▶ [Exercise instructions]
Output the data in full. Keep every word exact and exclude the pictures.

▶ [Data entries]

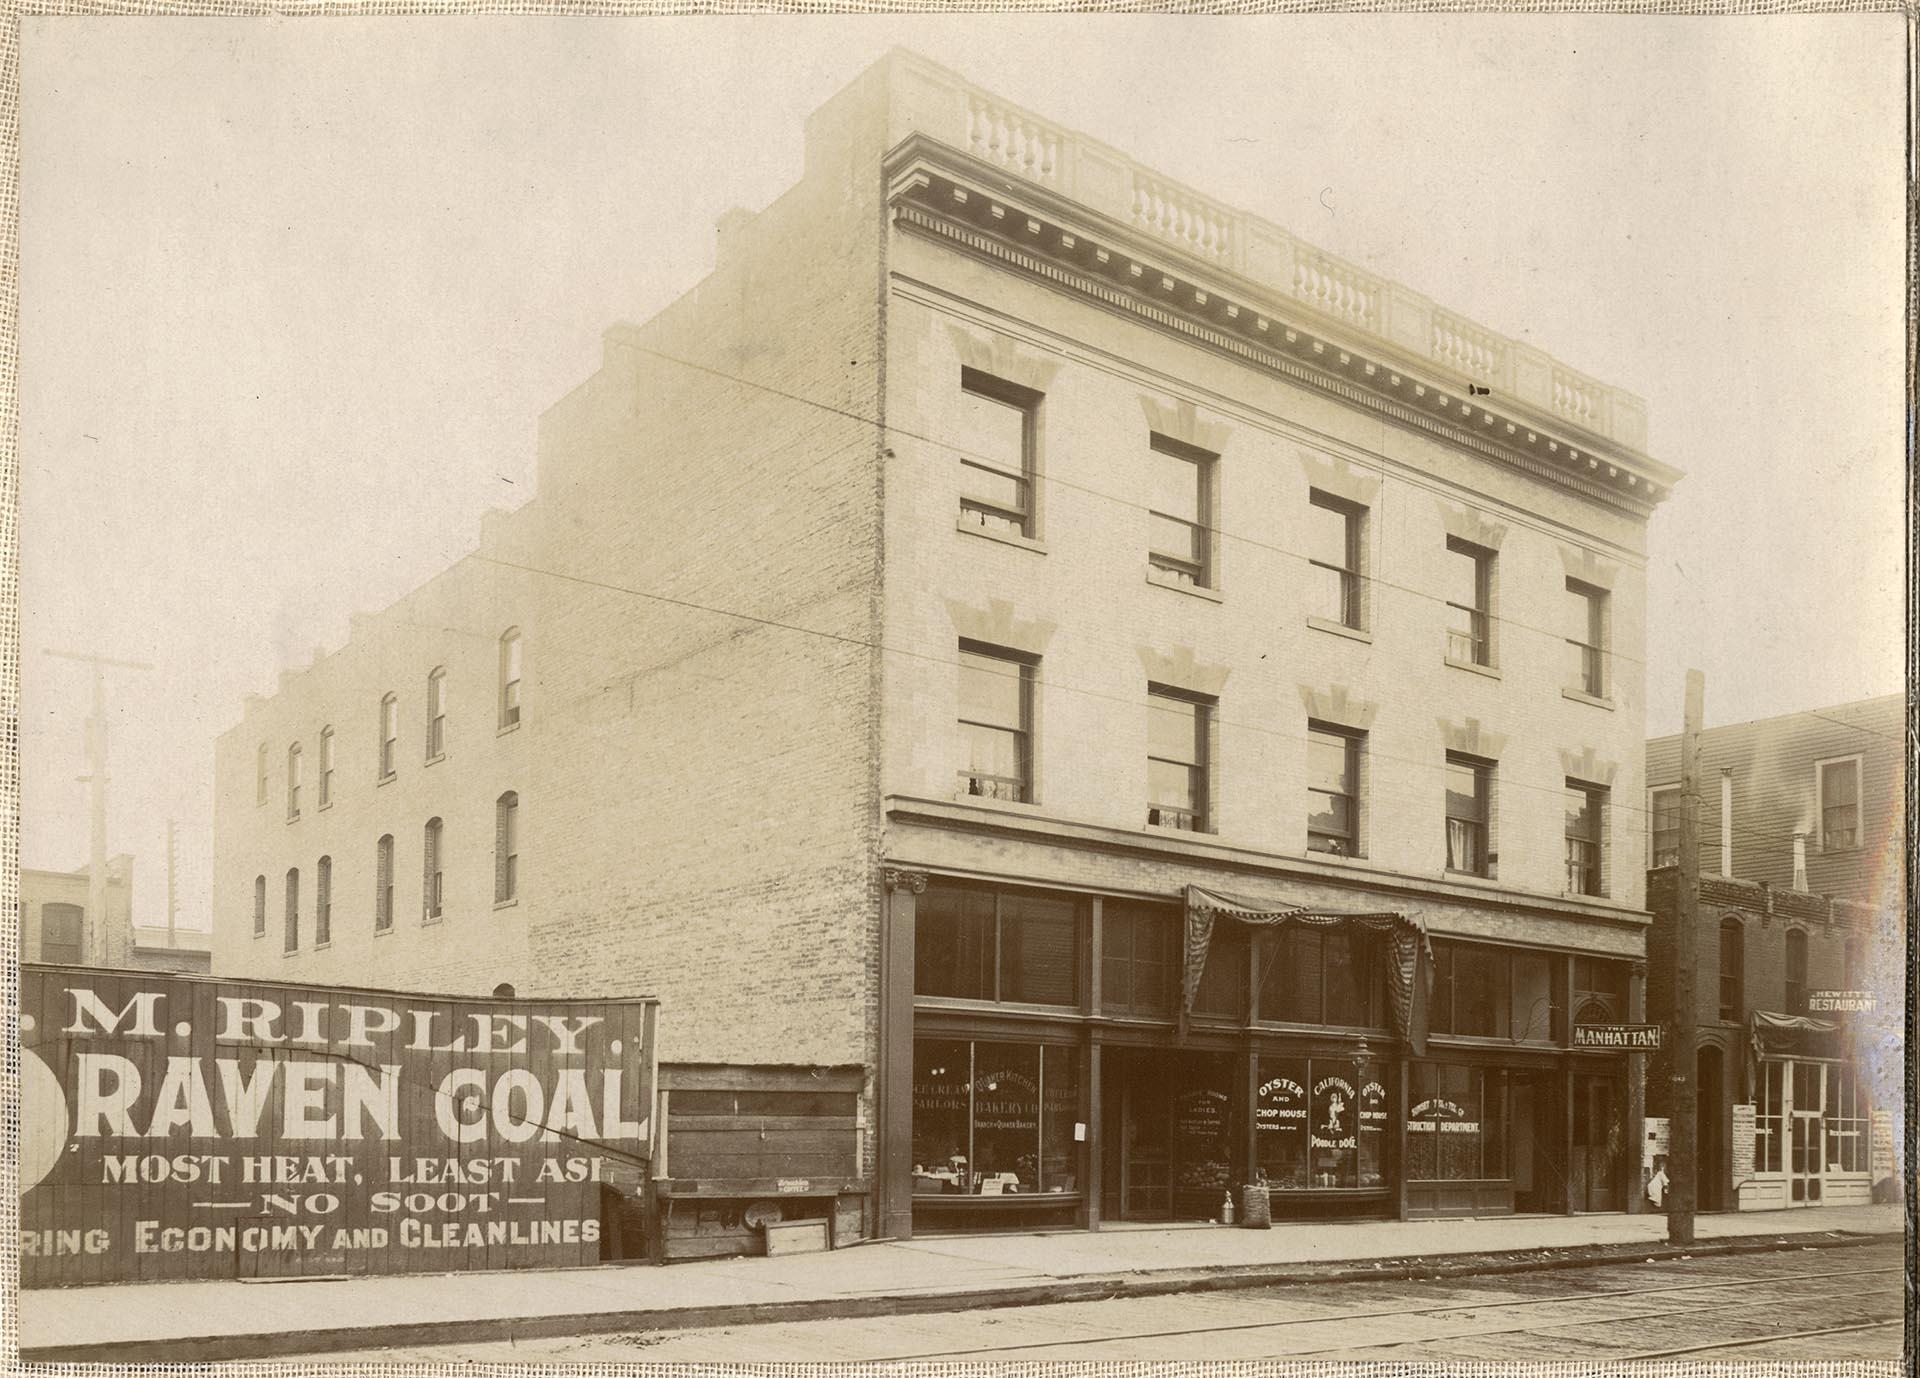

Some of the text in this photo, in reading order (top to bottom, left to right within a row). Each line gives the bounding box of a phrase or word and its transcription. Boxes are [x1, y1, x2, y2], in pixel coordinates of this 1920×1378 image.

[1808, 998, 1878, 1011] RESTAURANT
[215, 996, 624, 1055] RIPLEY.
[74, 1053, 649, 1143] RAVEN COAL
[1258, 1078, 1305, 1099] OYSTER
[1272, 1095, 1290, 1103] AND
[1313, 1077, 1356, 1100] CALIFORNIA
[1362, 1081, 1386, 1100] OYSTER
[1256, 1108, 1307, 1118] CHOP HOUSE
[1360, 1111, 1372, 1119] CHOP
[1311, 1134, 1338, 1149] POODLE
[101, 1155, 230, 1184] MOST
[242, 1155, 364, 1187] HEAT,
[389, 1156, 521, 1185] LEAST
[260, 1192, 500, 1215] NO SOOT
[135, 1220, 325, 1253] ECONOMY
[332, 1227, 389, 1250] AND
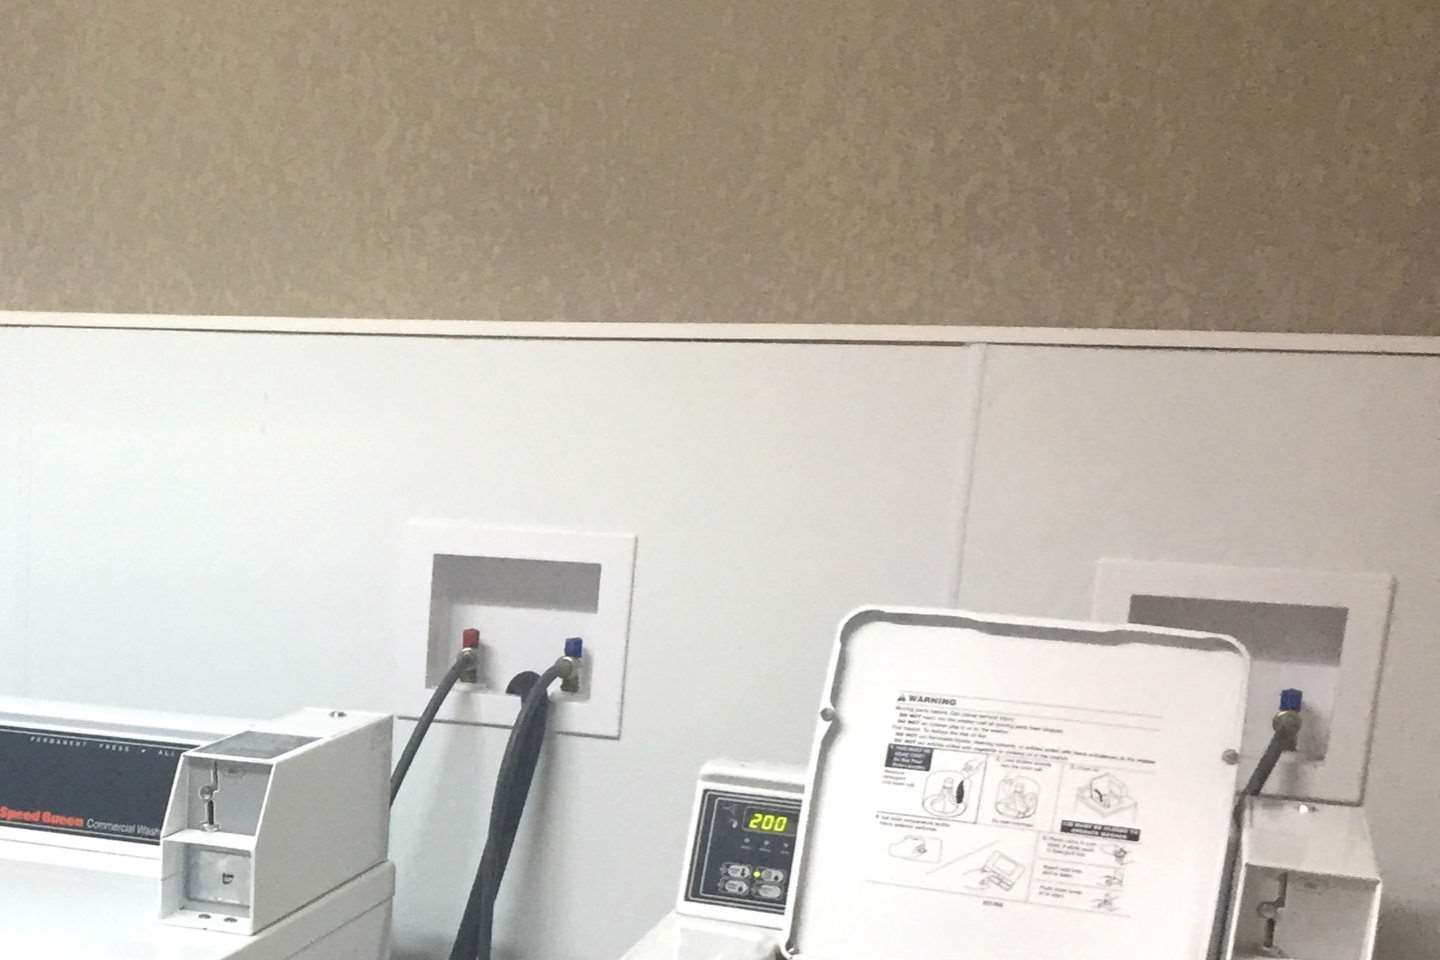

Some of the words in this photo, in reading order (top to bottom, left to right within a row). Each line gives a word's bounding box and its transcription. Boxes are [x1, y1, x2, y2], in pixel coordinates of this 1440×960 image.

[908, 694, 957, 706] WARNING
[0, 805, 41, 821] Speed
[41, 810, 84, 828] Queen
[87, 818, 136, 834] Commercial
[748, 812, 788, 832] 200
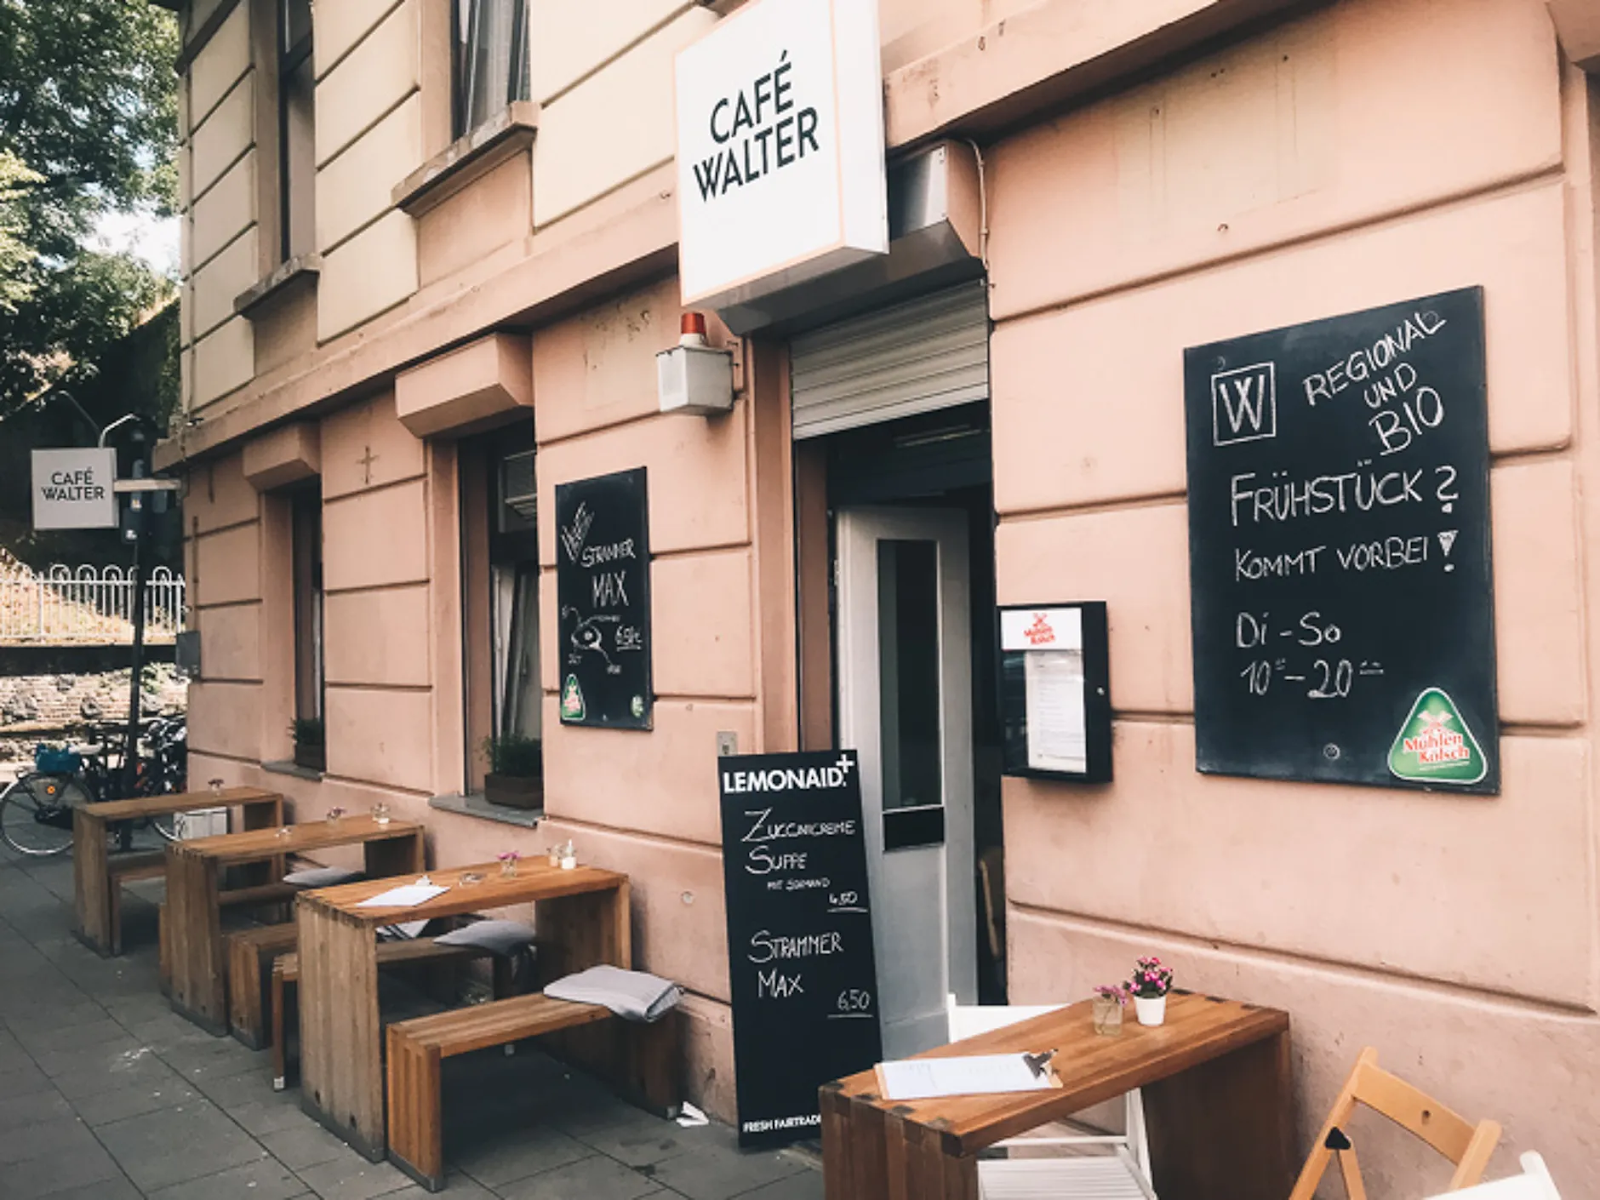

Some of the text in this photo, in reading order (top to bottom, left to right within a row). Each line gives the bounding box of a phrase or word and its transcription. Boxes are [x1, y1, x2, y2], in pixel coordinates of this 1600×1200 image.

[710, 49, 794, 144] CAFÉ
[693, 106, 819, 202] WALTER
[1303, 311, 1447, 406] REGIONAL
[1364, 362, 1417, 408] UND
[1368, 386, 1444, 456] BIO
[41, 486, 105, 501] WALTER
[51, 467, 94, 485] CAFÉ
[1235, 545, 1326, 581] KOMMT
[592, 570, 630, 608] MAX
[744, 845, 808, 875] SUPPE
[747, 930, 844, 963] STRAMMER
[757, 968, 804, 998] MAX
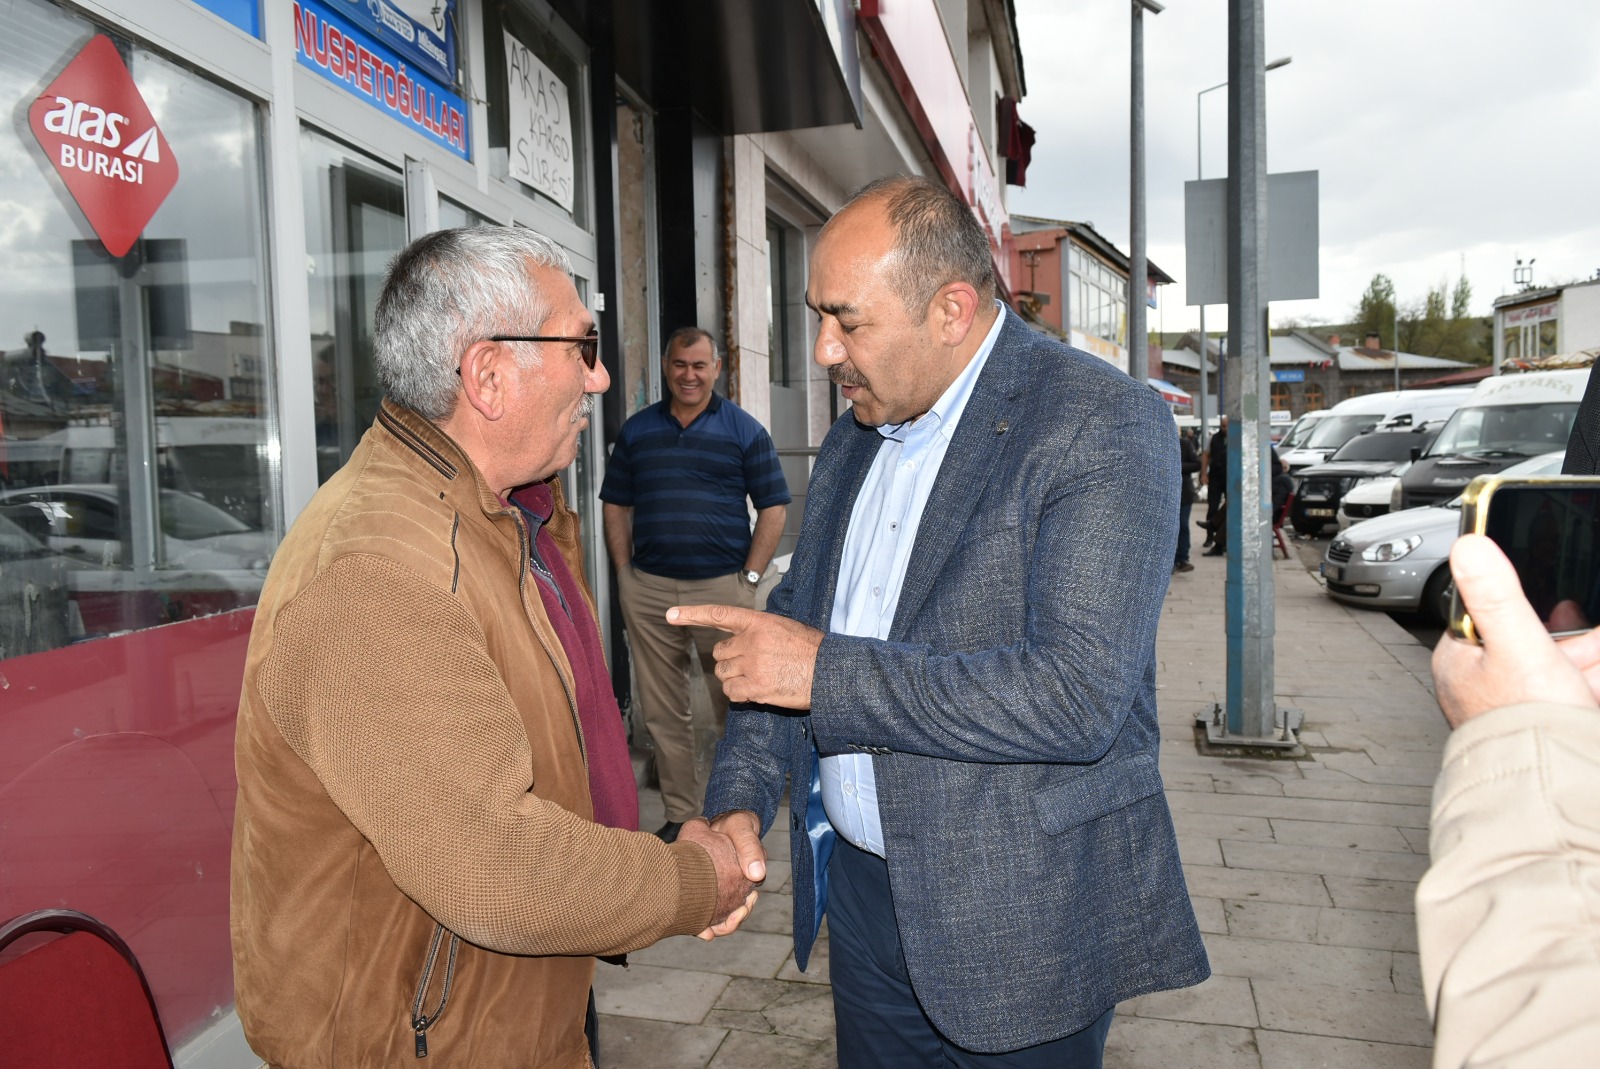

▶ [Exercise answer]
Some of the text in this photo, in reading order (top to bottom, left to right within a row). Each line gives the bounding box of a phrase or word and its transcription. Boxes are [x1, y1, x2, y2], in pixel coordinates of this 1920×1378 image.

[1808, 998, 1878, 1011] RESTAURANT
[215, 996, 624, 1055] RIPLEY.
[74, 1053, 649, 1143] RAVEN COAL
[1258, 1078, 1305, 1099] OYSTER
[1272, 1095, 1290, 1103] AND
[1313, 1077, 1356, 1100] CALIFORNIA
[1362, 1081, 1386, 1100] OYSTER
[1256, 1108, 1307, 1118] CHOP HOUSE
[1360, 1111, 1372, 1119] CHOP
[1311, 1134, 1338, 1149] POODLE
[101, 1155, 230, 1184] MOST
[242, 1155, 364, 1187] HEAT,
[389, 1156, 521, 1185] LEAST
[260, 1192, 500, 1215] NO SOOT
[135, 1220, 325, 1253] ECONOMY
[332, 1227, 389, 1250] AND

Some of the words in this photo, in reading order (top to bottom, left to right within a row). Each line gives a word's bounding box and its transcription. Boxes are [x1, y1, x2, y2], in pixel coordinates of this 1440×960 image.

[908, 694, 957, 706] WARNING
[0, 805, 41, 821] Speed
[41, 810, 84, 828] Queen
[87, 818, 136, 834] Commercial
[748, 812, 788, 832] 200

Some of the text in this photo, in reading order (top to bottom, left to right within a row). Each line gives the bounding box of a phrase or word and its transcription. Boxes are [x1, y1, x2, y2], in pixel coordinates of this 1600×1200 image.

[710, 49, 794, 144] CAFÉ
[693, 106, 819, 202] WALTER
[1303, 311, 1447, 406] REGIONAL
[1364, 362, 1417, 408] UND
[1368, 386, 1444, 456] BIO
[41, 486, 105, 501] WALTER
[51, 467, 94, 485] CAFÉ
[1235, 545, 1326, 581] KOMMT
[592, 570, 630, 608] MAX
[744, 845, 808, 875] SUPPE
[747, 930, 844, 963] STRAMMER
[757, 968, 804, 998] MAX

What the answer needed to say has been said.